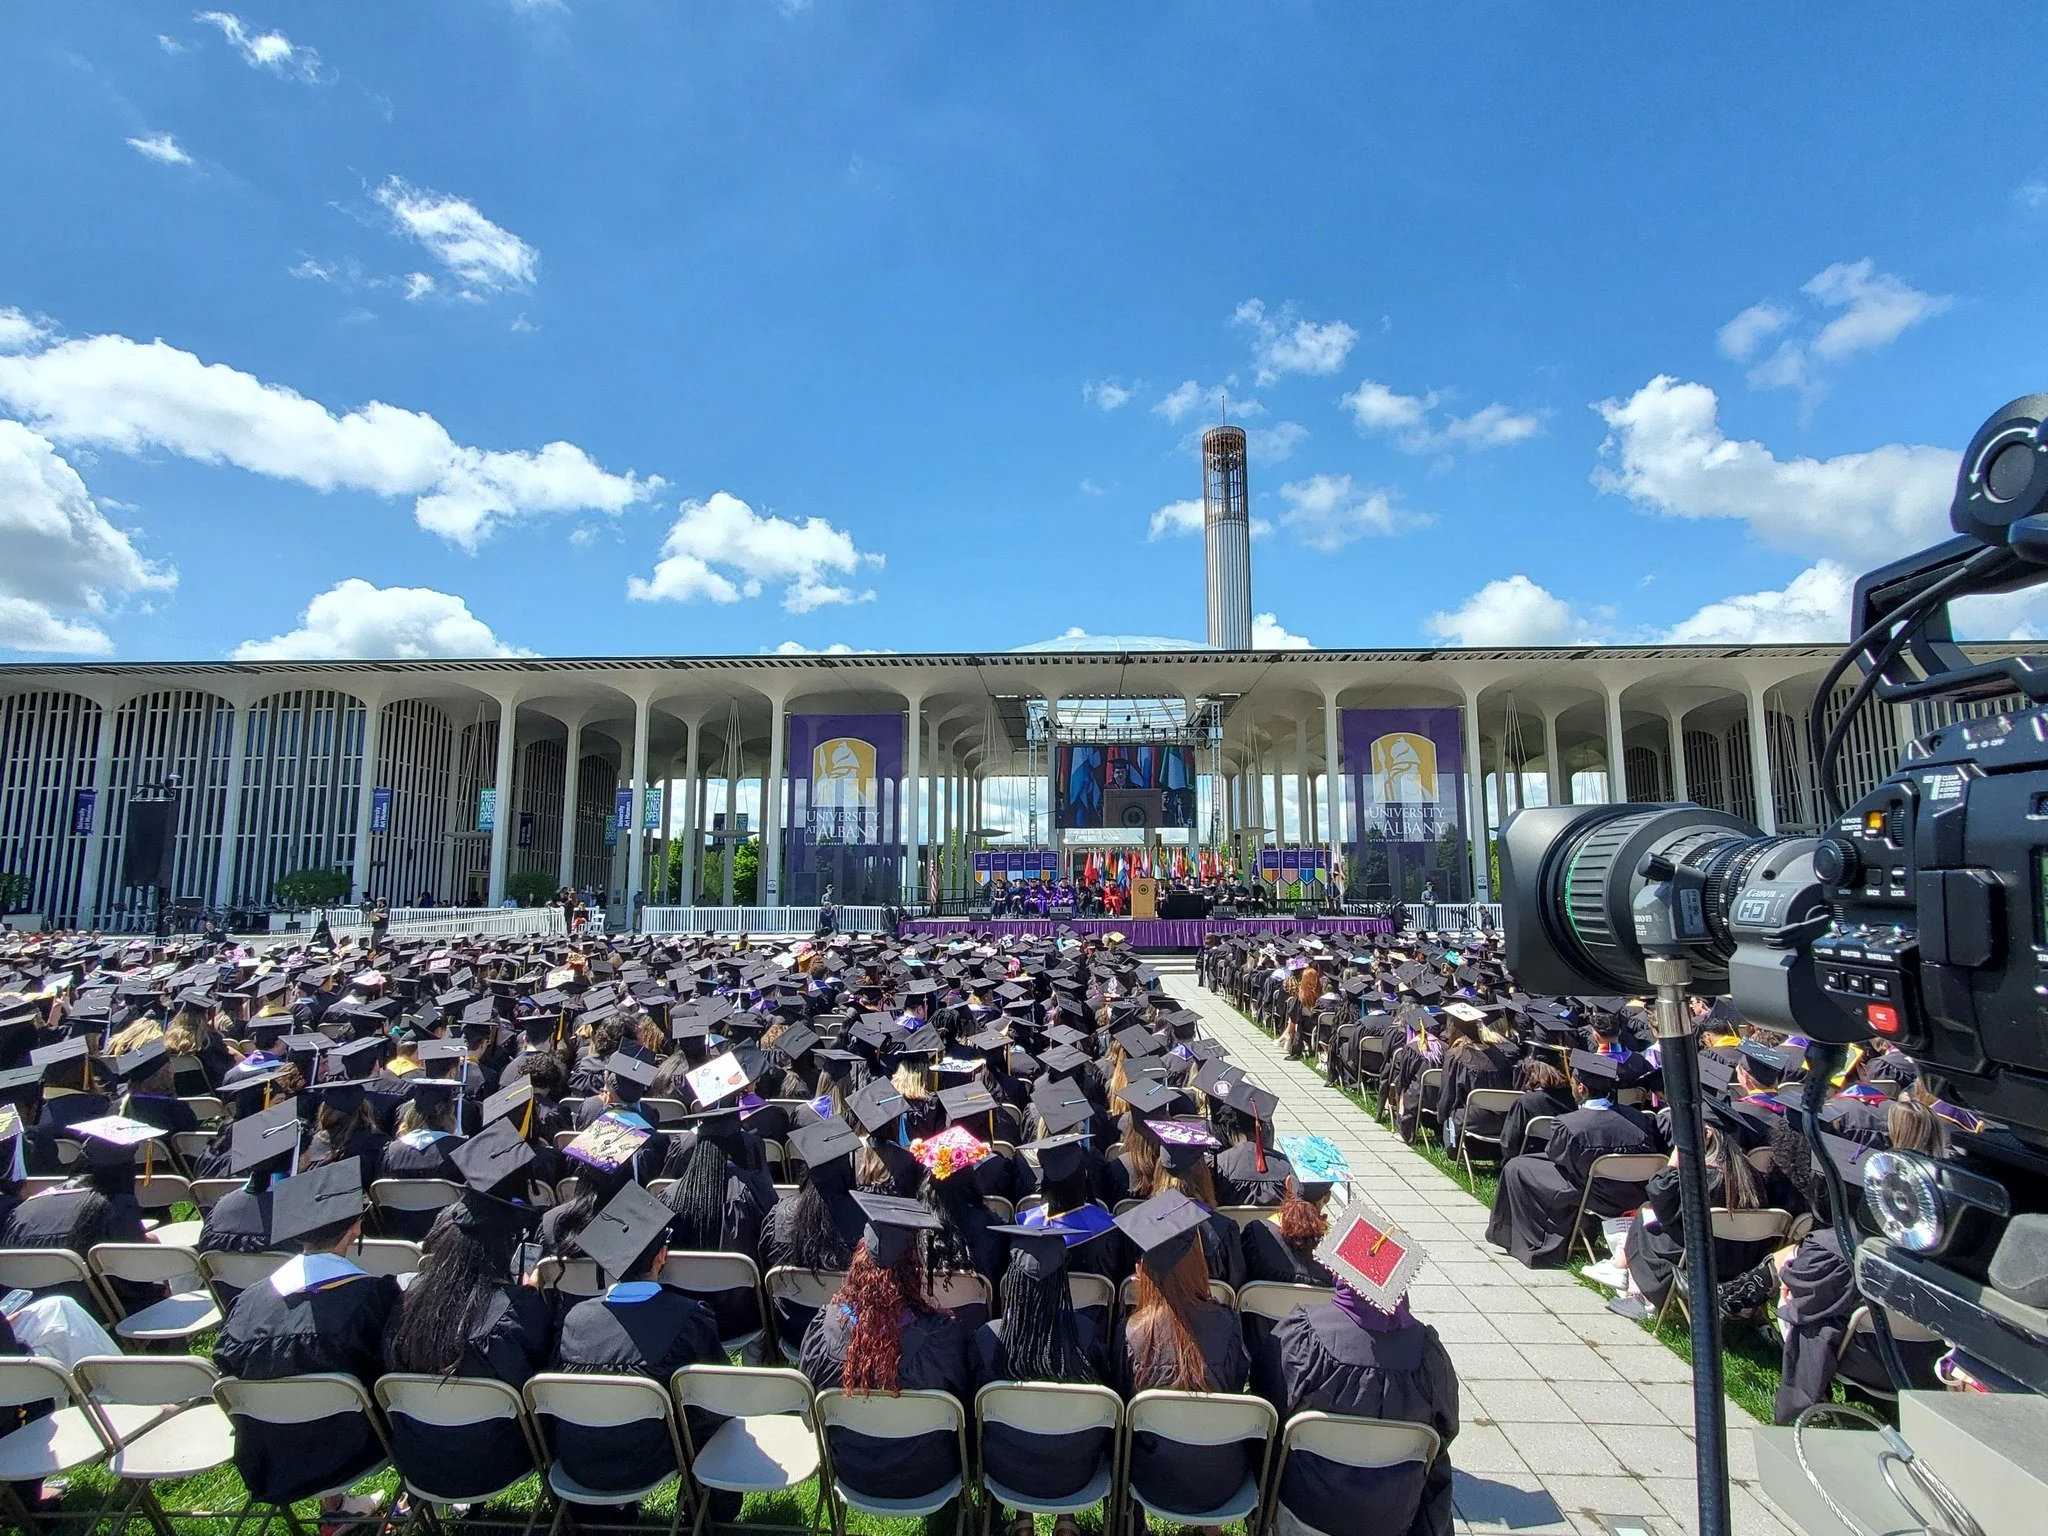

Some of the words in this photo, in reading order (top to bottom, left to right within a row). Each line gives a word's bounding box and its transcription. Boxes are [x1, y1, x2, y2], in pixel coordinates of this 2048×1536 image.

[646, 790, 660, 801] FREE
[480, 801, 495, 811] AND
[646, 801, 660, 812] AND
[806, 810, 880, 822] UNIVERSITY
[1369, 806, 1445, 819] UNIVERSITY
[805, 825, 817, 834] AT
[818, 823, 880, 840] ALBANY
[1370, 821, 1382, 830] AT
[1382, 819, 1445, 839] ALBANY
[1746, 889, 1777, 898] Canon
[1739, 902, 1766, 919] HD
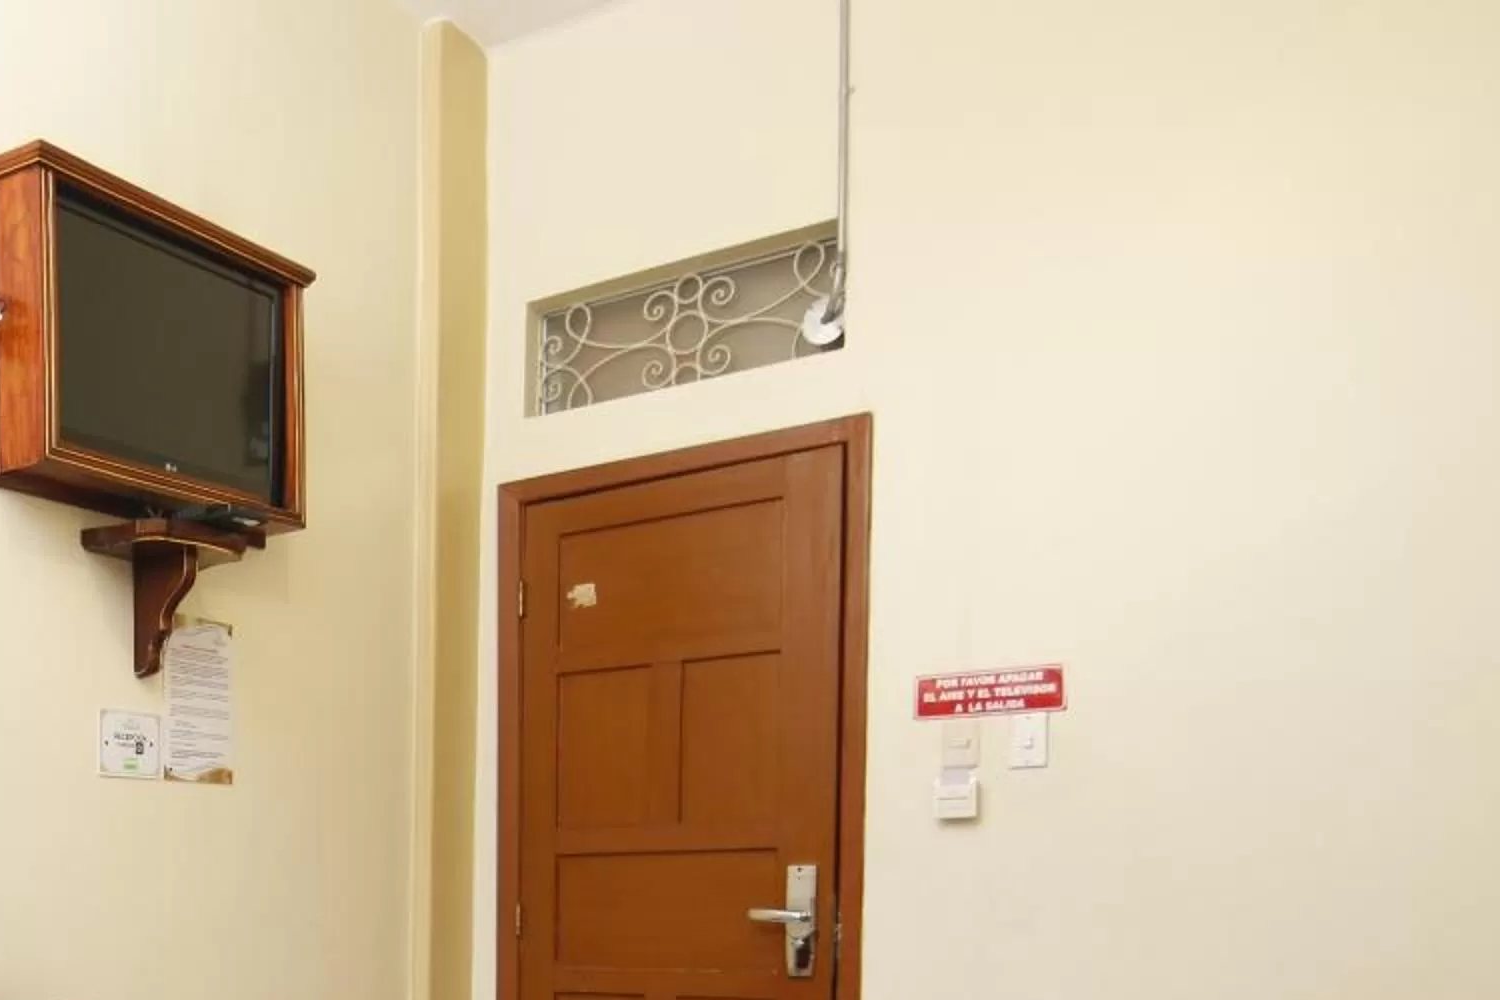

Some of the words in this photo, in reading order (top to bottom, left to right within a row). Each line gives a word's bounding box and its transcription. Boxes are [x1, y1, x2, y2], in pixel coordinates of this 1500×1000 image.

[935, 679, 959, 689] POR
[960, 675, 996, 687] FAVOR
[998, 671, 1044, 684] APAGAR
[923, 692, 937, 703] EL
[966, 688, 975, 699] Y
[977, 687, 990, 699] EL
[994, 682, 1057, 698] TELEVISOR
[954, 703, 964, 713] A
[967, 701, 983, 713] LA
[985, 698, 1025, 710] SALIDA
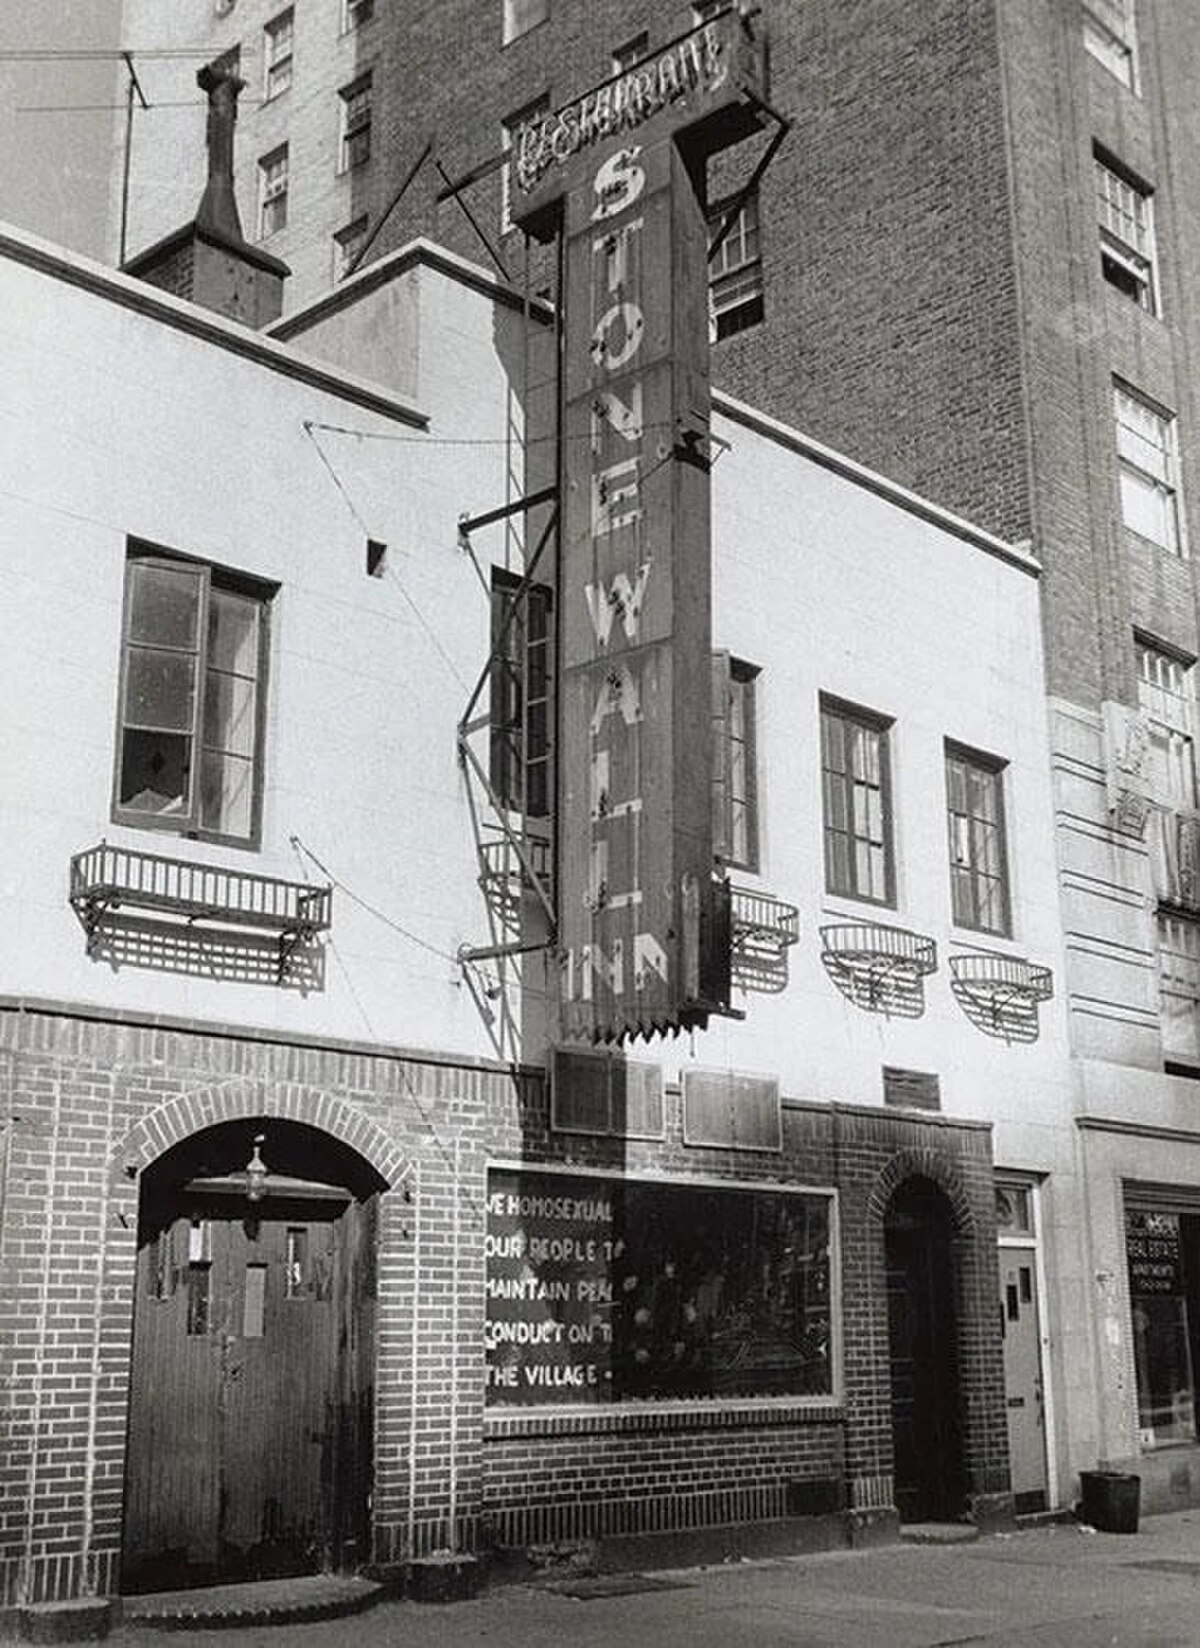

• [Task requirements]
Restate exactly the lines that start at the "this 1500×1000 image." line and end with the last line of the material above, leaving out the pictures.

• [Exercise response]
Some of the words in this photo, in reading order (top to bottom, left to right within a row). Each line gives a word's bounding box and its transcription. Boxes are [x1, y1, x2, y2], in pixel coordinates of this 1500×1000 image.

[935, 679, 959, 689] POR
[960, 675, 996, 687] FAVOR
[998, 671, 1044, 684] APAGAR
[923, 692, 937, 703] EL
[966, 688, 975, 699] Y
[977, 687, 990, 699] EL
[994, 682, 1057, 698] TELEVISOR
[954, 703, 964, 713] A
[967, 701, 983, 713] LA
[985, 698, 1025, 710] SALIDA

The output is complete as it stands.